We’re at a hotel in Morgan Hill, one step up from our usual cheap ass hotel. The room is small but clean, and the bed is comfy.
I was up in the night, of course, and I saw a weird spider walking around at 2am–big roundish body like a black widow, but light brown. Long, thin legs. It creeped me out. I was worried it somehow was a black widow missing some pigment.
Ming tried to catch it. “Don’t let it bite you!” I said. He flushed it down the toilet. Sorry, God’s creature.
There’s no bathroom fan. The room feels very humid from Ming’s long shower.

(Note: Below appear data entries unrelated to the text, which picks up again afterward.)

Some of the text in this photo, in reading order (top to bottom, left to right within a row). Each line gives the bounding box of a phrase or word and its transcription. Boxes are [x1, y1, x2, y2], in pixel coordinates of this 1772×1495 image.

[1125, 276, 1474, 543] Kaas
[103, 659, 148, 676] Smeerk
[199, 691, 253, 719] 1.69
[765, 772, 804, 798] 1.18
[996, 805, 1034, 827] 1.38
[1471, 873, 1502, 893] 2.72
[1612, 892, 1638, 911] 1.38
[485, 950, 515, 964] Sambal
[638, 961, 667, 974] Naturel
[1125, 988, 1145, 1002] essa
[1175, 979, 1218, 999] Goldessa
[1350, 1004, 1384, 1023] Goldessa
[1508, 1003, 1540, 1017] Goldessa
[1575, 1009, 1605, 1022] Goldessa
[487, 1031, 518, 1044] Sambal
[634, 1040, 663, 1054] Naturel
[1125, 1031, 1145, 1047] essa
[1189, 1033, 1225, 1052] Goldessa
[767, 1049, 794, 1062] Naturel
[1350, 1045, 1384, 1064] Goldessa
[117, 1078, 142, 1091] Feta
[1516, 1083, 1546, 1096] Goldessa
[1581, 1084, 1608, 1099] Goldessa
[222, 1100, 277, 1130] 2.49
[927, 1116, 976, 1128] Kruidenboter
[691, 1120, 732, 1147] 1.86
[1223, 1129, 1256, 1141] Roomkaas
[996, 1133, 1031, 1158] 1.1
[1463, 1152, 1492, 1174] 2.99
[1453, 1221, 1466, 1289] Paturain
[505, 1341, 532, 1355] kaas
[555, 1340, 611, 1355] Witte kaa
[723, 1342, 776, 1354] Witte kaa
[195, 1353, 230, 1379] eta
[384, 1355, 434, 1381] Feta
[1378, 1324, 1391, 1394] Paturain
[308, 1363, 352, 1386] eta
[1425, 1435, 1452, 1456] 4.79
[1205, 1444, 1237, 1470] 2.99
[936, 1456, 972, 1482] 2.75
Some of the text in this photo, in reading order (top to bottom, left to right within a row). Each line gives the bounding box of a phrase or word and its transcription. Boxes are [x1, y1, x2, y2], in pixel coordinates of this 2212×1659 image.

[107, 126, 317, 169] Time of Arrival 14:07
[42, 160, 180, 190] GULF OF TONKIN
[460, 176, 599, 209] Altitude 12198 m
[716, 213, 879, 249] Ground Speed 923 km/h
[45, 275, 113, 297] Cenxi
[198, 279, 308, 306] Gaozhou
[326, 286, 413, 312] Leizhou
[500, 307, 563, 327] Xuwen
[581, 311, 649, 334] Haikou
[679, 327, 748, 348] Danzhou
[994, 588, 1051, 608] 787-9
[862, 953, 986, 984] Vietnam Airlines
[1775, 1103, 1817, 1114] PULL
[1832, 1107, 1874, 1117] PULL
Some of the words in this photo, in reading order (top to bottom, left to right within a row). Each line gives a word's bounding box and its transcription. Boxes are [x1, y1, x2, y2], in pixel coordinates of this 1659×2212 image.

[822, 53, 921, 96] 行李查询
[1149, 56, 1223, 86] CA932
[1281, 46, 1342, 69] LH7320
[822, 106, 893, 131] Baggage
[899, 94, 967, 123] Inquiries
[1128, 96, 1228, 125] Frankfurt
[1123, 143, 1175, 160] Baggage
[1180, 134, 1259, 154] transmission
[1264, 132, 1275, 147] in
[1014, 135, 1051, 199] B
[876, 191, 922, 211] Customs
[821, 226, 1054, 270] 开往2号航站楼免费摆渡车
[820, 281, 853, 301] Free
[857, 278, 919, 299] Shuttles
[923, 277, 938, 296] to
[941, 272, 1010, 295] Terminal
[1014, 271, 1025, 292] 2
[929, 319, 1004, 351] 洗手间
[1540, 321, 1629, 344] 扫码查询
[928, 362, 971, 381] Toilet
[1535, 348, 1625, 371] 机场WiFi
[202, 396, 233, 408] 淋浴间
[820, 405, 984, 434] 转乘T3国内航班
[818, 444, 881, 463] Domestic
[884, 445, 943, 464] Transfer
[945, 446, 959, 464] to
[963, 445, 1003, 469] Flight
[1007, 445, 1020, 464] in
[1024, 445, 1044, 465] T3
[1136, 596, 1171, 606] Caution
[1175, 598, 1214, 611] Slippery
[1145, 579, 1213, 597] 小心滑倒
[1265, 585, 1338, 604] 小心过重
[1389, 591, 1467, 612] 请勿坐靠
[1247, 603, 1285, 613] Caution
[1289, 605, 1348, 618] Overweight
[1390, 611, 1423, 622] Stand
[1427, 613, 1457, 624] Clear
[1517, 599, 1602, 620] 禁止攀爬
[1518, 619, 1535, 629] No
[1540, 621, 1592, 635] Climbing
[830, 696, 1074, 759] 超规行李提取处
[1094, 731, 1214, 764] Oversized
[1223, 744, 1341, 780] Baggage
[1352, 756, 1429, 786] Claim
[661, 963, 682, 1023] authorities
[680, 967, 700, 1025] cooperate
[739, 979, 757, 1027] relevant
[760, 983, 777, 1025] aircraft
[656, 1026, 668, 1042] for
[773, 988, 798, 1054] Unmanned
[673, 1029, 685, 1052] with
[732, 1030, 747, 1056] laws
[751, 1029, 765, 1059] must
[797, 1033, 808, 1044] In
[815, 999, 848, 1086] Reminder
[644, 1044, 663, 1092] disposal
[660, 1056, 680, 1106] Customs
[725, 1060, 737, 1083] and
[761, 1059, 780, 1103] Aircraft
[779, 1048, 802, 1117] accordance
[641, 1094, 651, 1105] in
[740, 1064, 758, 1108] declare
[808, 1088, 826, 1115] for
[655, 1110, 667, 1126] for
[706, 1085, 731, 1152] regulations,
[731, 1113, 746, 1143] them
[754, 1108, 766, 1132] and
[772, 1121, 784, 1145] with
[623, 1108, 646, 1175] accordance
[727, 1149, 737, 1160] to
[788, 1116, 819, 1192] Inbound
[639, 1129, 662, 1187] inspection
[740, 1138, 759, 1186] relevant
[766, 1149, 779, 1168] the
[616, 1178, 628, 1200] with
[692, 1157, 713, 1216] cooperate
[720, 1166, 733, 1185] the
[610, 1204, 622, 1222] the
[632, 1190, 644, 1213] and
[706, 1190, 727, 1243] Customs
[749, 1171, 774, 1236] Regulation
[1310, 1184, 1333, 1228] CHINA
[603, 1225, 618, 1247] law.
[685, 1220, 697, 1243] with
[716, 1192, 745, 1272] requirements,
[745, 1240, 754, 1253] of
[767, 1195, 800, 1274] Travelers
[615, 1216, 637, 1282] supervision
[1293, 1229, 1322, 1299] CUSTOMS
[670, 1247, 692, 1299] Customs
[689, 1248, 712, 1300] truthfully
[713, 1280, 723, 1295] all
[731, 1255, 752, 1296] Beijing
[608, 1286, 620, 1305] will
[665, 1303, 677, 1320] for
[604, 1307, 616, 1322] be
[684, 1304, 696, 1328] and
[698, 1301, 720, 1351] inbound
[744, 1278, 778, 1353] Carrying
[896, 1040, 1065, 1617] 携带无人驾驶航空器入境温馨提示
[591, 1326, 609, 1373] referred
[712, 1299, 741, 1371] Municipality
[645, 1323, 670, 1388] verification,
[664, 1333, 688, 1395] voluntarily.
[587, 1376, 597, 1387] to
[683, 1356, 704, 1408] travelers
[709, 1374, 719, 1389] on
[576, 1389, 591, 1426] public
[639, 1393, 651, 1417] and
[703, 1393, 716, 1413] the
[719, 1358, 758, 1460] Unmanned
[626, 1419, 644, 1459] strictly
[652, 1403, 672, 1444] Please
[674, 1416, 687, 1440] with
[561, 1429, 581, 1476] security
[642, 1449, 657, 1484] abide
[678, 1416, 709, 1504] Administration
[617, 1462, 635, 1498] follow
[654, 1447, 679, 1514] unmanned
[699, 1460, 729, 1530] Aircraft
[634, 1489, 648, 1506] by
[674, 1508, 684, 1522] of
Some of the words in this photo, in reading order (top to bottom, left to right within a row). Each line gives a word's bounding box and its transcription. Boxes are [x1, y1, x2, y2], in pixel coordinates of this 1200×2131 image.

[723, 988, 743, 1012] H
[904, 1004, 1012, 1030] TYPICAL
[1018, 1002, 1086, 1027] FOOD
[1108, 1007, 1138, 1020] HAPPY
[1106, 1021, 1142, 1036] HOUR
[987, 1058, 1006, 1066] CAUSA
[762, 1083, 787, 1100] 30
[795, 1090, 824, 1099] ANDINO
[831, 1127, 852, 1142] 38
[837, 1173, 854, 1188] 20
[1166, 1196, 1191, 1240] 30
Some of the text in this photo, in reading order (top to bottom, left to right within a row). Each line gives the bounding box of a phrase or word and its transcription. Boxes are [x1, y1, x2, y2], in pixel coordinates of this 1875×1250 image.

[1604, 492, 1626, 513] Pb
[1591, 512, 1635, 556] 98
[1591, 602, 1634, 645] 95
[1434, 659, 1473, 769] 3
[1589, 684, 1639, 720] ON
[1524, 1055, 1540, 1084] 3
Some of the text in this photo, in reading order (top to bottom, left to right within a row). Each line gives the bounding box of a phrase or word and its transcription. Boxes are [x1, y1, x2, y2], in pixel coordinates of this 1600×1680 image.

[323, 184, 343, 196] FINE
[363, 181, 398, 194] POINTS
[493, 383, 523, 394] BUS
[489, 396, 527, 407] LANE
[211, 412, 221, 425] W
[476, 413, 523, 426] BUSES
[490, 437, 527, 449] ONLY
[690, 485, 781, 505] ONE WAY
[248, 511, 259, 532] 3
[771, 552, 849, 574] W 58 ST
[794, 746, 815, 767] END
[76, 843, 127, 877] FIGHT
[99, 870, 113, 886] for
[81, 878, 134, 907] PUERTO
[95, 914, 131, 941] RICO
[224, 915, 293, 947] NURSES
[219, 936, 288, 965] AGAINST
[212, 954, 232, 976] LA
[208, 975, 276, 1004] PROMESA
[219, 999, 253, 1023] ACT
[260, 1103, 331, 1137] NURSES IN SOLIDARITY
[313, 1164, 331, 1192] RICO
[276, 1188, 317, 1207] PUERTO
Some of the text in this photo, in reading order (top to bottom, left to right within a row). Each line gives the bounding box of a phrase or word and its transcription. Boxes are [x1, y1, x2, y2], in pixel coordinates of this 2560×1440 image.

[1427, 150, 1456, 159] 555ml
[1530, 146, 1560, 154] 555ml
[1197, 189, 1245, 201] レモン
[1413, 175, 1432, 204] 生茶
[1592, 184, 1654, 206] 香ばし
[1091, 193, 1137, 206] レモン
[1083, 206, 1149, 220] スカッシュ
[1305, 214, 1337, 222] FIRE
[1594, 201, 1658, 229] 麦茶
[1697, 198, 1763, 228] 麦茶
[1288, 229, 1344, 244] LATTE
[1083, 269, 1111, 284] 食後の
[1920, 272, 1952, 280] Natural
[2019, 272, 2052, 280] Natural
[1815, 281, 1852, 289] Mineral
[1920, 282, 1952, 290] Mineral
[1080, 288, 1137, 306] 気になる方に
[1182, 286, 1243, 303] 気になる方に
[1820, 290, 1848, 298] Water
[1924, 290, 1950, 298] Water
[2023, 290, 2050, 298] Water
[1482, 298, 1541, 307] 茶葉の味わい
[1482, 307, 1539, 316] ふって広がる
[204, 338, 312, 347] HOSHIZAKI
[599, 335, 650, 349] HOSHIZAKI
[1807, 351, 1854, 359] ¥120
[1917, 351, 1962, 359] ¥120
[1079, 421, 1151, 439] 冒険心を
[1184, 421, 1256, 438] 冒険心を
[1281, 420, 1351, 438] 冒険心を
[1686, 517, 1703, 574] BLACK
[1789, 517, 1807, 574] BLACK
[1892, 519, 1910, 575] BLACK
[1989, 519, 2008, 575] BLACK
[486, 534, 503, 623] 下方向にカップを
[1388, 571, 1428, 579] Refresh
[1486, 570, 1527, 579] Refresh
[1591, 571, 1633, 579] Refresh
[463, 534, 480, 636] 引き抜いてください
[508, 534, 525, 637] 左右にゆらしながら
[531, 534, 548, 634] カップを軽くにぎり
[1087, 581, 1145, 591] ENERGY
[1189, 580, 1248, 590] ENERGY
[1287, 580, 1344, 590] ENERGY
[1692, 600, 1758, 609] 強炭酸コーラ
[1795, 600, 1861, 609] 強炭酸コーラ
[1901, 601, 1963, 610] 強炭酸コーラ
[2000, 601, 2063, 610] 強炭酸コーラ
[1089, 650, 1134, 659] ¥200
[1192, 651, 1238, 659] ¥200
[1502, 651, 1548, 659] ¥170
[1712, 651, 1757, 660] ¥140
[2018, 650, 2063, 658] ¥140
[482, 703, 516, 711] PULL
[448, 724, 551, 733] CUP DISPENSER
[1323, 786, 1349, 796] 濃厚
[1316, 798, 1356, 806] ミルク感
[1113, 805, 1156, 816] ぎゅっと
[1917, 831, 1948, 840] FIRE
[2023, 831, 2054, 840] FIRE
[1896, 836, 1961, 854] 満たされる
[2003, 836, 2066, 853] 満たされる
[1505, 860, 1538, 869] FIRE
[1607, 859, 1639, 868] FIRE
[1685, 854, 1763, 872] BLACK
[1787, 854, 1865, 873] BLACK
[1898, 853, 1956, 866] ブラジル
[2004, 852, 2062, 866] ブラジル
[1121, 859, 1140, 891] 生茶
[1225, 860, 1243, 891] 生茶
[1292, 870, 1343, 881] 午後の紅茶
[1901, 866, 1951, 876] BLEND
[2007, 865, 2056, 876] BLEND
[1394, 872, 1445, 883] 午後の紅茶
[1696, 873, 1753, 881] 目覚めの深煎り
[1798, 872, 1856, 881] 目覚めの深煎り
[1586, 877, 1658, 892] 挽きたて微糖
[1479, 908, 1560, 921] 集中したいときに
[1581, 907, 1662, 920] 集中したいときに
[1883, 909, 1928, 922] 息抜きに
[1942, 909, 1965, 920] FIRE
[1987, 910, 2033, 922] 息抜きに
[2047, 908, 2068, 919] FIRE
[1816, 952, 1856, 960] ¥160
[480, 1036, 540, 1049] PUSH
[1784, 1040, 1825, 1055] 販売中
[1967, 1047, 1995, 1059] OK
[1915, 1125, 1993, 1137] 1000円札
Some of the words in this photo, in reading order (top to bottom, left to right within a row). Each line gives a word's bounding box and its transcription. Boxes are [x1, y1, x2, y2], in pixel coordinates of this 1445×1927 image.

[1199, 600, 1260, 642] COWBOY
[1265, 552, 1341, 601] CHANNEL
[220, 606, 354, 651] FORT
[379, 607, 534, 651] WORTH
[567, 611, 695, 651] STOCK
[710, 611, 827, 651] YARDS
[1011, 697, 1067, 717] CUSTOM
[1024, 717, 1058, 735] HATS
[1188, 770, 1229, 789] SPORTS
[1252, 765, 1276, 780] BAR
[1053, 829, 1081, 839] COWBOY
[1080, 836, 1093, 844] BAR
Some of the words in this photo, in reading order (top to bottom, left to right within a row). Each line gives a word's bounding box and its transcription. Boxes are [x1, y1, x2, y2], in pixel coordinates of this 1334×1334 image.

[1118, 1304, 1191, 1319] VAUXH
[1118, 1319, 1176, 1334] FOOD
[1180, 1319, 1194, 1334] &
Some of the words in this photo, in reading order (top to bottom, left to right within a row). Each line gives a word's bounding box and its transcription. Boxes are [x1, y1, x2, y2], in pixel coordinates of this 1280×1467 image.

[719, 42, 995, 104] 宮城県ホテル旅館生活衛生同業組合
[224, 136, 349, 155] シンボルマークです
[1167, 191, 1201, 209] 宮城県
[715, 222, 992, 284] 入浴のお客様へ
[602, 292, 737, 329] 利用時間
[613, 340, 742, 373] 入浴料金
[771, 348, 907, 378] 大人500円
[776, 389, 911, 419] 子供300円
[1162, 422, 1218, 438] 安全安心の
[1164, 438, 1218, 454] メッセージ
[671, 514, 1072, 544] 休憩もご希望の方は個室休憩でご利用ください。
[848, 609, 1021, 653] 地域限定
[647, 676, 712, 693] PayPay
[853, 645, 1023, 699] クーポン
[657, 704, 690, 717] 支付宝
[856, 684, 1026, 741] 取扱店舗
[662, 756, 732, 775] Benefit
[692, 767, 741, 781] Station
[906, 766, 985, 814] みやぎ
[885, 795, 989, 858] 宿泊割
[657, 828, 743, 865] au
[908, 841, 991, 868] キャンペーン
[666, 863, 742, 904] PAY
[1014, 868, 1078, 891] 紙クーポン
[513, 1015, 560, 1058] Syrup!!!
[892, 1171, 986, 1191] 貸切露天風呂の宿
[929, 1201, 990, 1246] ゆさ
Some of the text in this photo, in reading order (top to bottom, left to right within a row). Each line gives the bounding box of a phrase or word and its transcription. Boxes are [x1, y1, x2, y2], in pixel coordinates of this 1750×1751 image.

We have a full day planned, and I’m worried I’ll lose my strength and need a rest but nowhere to retreat to: Hotel breakfast, I go to a library while Ming visits with his mom, picking up books at someone’s house in Oakland, lunch at my favorite place, visiting a zine friend at her bakery, then Ming sees one of his kids while I sit at a cafe somewhere, writing. Then on to Sacramento.
Even on a good day, this would be incredible, but I don’t have all my strength. I asked Ming if he thought I’d still be anemic, five months after being released from the hospital. He said he thought it’d take three.
“My throat hurts,” I said. “I wine a lot, for someone who doesn’t drink.”
Ming’s going to wear his trilobite necklace with a trilobite teeshirt. “How edgy!” I said.
“That’s how I like to be perceived,” he said. I was giving him fashion advice since he’s seeing his relatives and wants to impress them.